In order to wage its war against Covid-19, our Malaysian Government announced and implemented a movement restriction order (MCO) which generally restricted the movement of persons and ordered the closure or shut downs of establishments providing non-essential services. In addition to non-essential services, the MCO also ordered the closure of public service offices, including land registries, company registries and the offices for the Inland Revenue Board, with the exception of stamp offices. As the Honorable Prime Minister advised in one of this announcements, as Malaysia faced the unprecedented challenges emanating from the pandemic, Malaysians should embrace also a new normal. The working community will have to work remotely, and from their home. Due to social distancing, gatherings will be restricted, if not banned totally, even after lifting of the MCO. Sadly, greetings by handshakes may become rare.
Restrictions on cross border travels and lockdowns had to be declared by Heads of Governments. And collectively, they have, one way or another, affected people’s daily routines and life. Streets that used to be congested with residents and tourists alike are empty and eerily quiet. Facial masks had to be worn whenever it is necessary to be outdoors. Activities and gatherings are prohibited, due to social distancing. Businesses are not spared. Malls, retail outlets, restaurants and bars had to be shut. Factories are operational with limited capacity. Goods and raw materials, which have arrived at ports, are slowly being delivered to their destinations. Airlines have grounded part, if not all, of their fleet. The world is practically at a standstill.
This article explores the possible new normal, from the legal perspective, that may be adopted beyond Covid-19. This article seeks to identify the possible areas of law where different ways and approach in the business and corporate sectors may be adopted by their players. Terms of contracts, for example, that were unimaginable previously may be relevant now.

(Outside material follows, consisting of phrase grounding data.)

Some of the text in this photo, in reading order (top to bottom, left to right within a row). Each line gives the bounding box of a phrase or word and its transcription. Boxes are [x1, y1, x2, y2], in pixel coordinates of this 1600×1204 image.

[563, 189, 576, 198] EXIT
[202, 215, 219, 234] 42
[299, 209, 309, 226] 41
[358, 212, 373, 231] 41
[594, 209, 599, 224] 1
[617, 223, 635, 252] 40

Interpretation and computation of time may not be as straight forward as it used to be before.
Force Majeure Clauses in Contracts Following the outbreak of Covid-19 and the ensuing breakdown of transactions, the primary focus and discussion had been the contractual clause on force majeure. In the absence of clear statutory provisions applicable on business transactions during this crisis, reliance is placed on interpretation and application of the scope of force majeure. One must be mindful and appreciate that at the time contracts were prepared or signed, there was no history of a pandemic that resulted in the extensive and far-reaching global lockdowns, since the last pandemic announced by WHO, severe acute respiratory (SARS), did not produce consequences as presently experienced globally. By reason thereof, many contracts would have omitted the inclusion of a pandemic in defining force majeure. As a result, the floodgates on disputes on the application of force majeure to the current pandemic will open.

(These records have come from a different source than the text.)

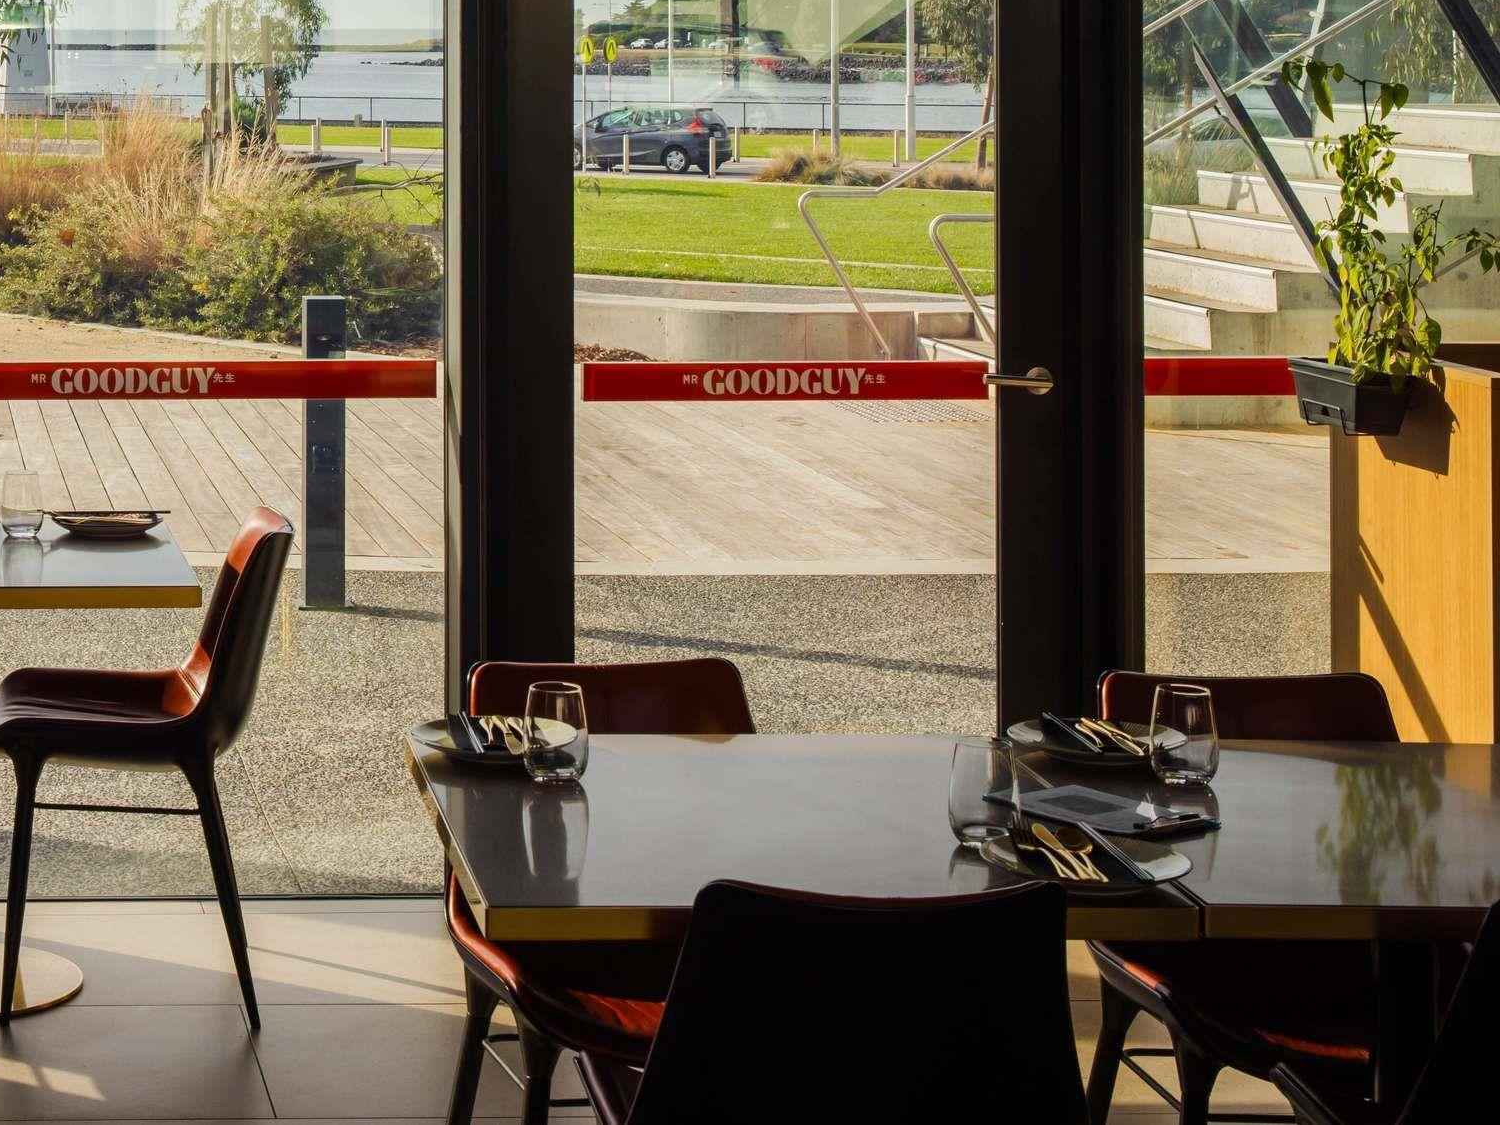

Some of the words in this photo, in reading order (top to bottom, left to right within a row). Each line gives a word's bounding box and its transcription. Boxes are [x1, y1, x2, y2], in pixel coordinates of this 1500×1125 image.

[30, 373, 46, 383] MR
[51, 367, 215, 394] GOODGUY
[213, 373, 235, 383] 先生
[683, 374, 698, 385] MR
[702, 368, 866, 395] GOODGUY
[864, 374, 886, 384] 先生

Notwithstanding that whether a clause on force majeure effectively applies would depend largely on a handful of factors, such as, whether the definition includes pandemic, the subject matter of the contract, the intention of the parties to the contract and the prevailing circumstances, the new normal would see contracting parties to intentionally ensure that the application of force majeure clause extends to pandemics. Contracting parties and lawyers alike will take steps to ensure that clauses on force majeure are interpreted to apply to pandemics. All-encompassing words such as “… or any circumstance or event that directly or indirectly cause or likely to cause a party thereto from observing and performing its obligations contained herein.” will be a new normal.
Employment Contracts Probably the second most affected area during Covid-19 and will witness a new normal beyond Covid-19, is employment . At present, employers and employees alike were caught off-guard by the MCO, which resulted in the closure of several non-essential businesses. Uncertainties surrounding the right to receive full salary and employment benefits, such as annual leave entitlement during the MCO arose. The new normal in this area will see provisions by employers in their terms of employment or their employees’ handbook that addresses the effect and implication of any lockdown similar to that of the MCO. It will be a new normal to find clear and specific provisions relating to payment of salary, whether in full or otherwise, and employee’s entitlement to employment benefits during a pandemic or its resulting lockdown.
Time Frame in Contracts It is not uncommon for contracts to provide for the reference and application to a time frame. In doing so, it is common for parties to plainly rely on “days” which would be any day in a Gregorian calendar. It is similarly not uncommon for parties to prefer the usage of “business days”, which is usually defined as “a day (excluding gazetted public holidays, Saturdays and Sundays) on which banks are open for business in Kuala Lumpur”. As witnessed currently, whilst banks in Malaysia are open, the MCO has effectively closed, inter alia, public offices such as land registries, company and business registries and tax offices, excluding stamp offices. Typically, for documents relating to real estate property transactions and loan securitisation, it is normal to find definition of business days as paraphrased above to be adopted. This means computation of time continues although the public offices are ordered to be closed pursuant to any lockdown like the MCO. The new normal beyond Covid-19 would see other types of documents adopting definition of time which does not only relate to the banking industry, but also to public offices.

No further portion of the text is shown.